Promotional single by Luke Combs featuring Amanda Shires

from the album What You See Ain't Always What You Get
- Released: September 18, 2020
- Genre: Country
- Length: 3:45
- Label: Columbia Nashville; River House;
- Songwriter: Luke Combs
- Producers: Luke Combs; Chip Matthews; Jonathan Singleton;

= Without You (Luke Combs song) =

2020 single by Luke Combs featuring Amanda Shires

"Without You" is a song by American country music singer Luke Combs featuring American singer-songwriter Amanda Shires on fiddle. It was released in September 2020 as a promotional single from the deluxe edition of Combs' second studio album What You See Is What You Get, titled What You See Ain't Always What You Get.

==Background==
Lyrically, the song is described as a "stirring ode to the people who have shaped [Combs] into the man he is today". Combs stated "The song is intended to be a thank you to my parents, beautiful wife, Nicole, and my fans. I'm truly a lucky guy. Then having the extremely talented Amanda Shires contribute her beautiful artistry on fiddle took the song to that next level".

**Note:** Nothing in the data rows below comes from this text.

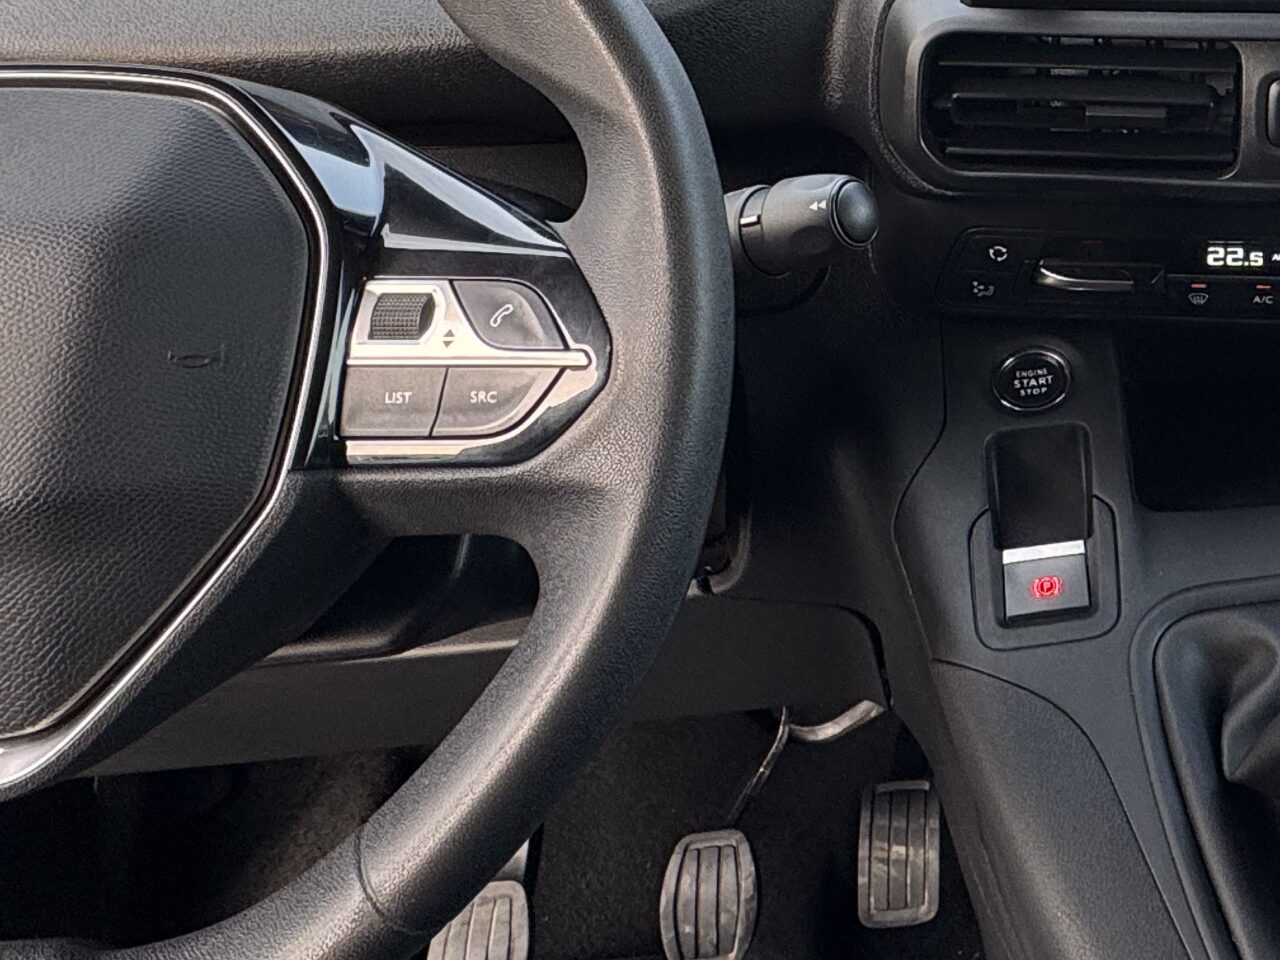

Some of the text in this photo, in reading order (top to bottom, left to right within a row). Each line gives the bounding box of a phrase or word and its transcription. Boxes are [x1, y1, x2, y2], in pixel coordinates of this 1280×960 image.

[1206, 246, 1264, 267] 22.5
[1253, 295, 1275, 305] A/C
[1015, 368, 1049, 379] ENGINE
[1013, 377, 1054, 390] START
[385, 391, 498, 404] LIST SRC
[1019, 388, 1048, 398] STOP
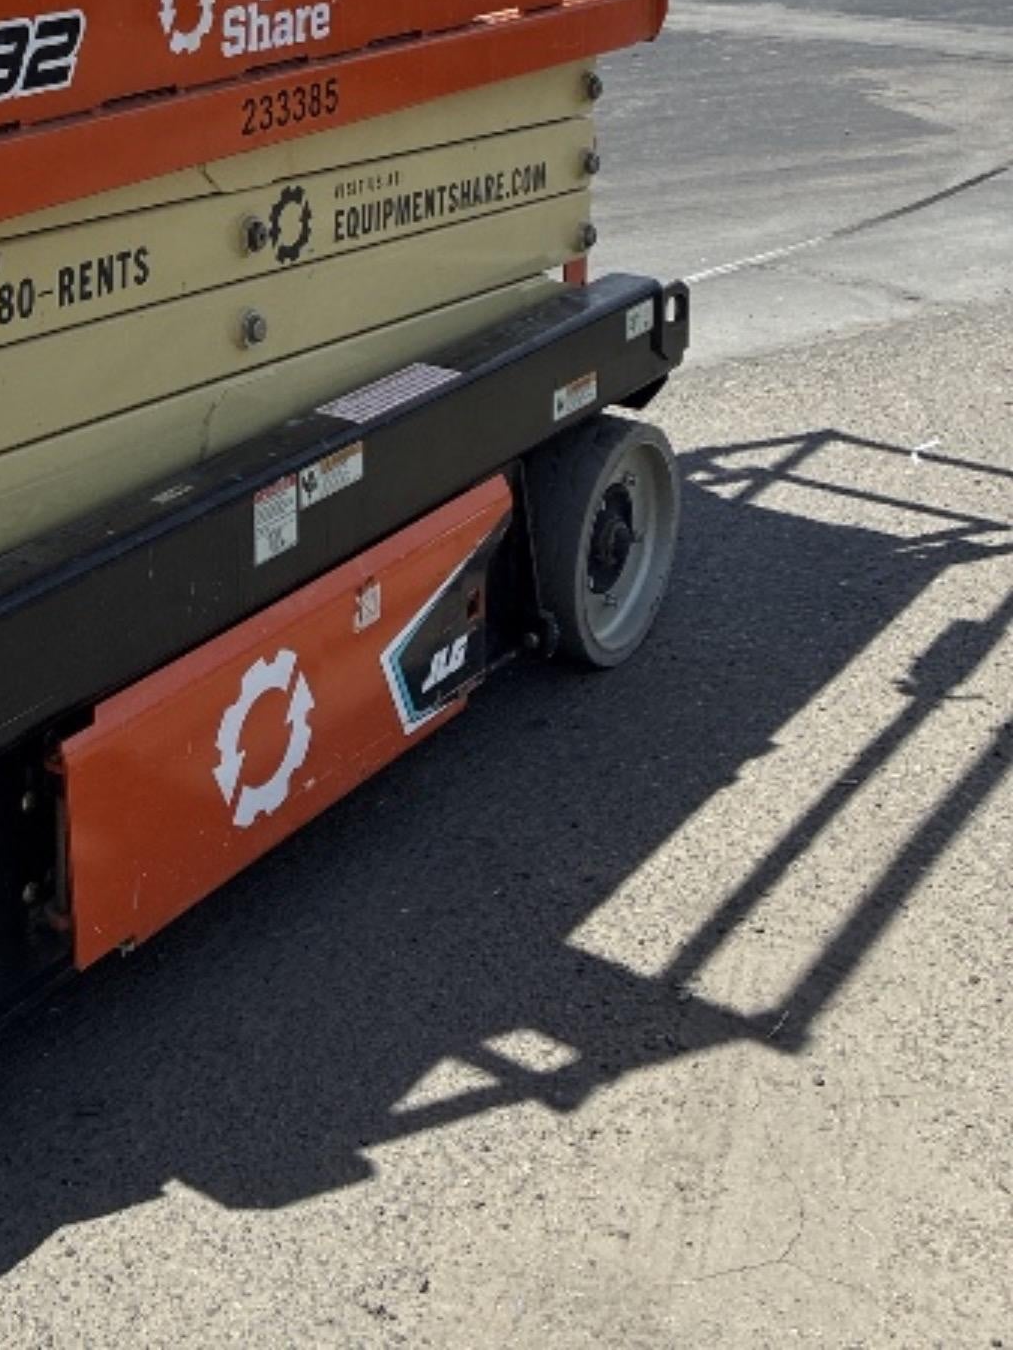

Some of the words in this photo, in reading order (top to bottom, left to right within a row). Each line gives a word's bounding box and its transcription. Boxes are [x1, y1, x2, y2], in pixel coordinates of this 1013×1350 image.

[220, 0, 331, 58] Share
[241, 77, 340, 137] 233385
[333, 161, 547, 243] EQUIPMENTSHARE.COM

Having previously collaborated with Combs when she played fiddle for him during a performance of "Beautiful Crazy" at the 54th Academy of Country Music Awards, Shires explained in an interview with Rolling Stone Country that "[Combs] is just a really cool guy and he said, 'I would love it if you would come play on this.' And I said, 'OK,'. Then we were hanging out playing. I went into the studio alone, because of Covid, with my mask and my gloves, and I put down those fiddle parts. I really, really like how that track came out". She also noted Combs' decision to officially feature her on the single despite not having a vocal part, saying "it's neat that he would come to such a merit-based decision in the country world, where a lot of women aren't credited".

==Charts==

| Chart (2020) | Peak position |
|---|---|
| Global 200 (Billboard) | 119 |
| US Billboard Hot 100 | 70 |
| US Hot Country Songs (Billboard) | 15 |
| US Rolling Stone Top 100 | 36 |

==Certifications==

Certifications for "Without You"
| Region | Certification | Certified units/sales |
| Australia (ARIA) | Gold | 35,000^{‡} |
| United States (RIAA) | Gold | 500,000^{‡} |
^{‡} Sales+streaming figures based on certification alone.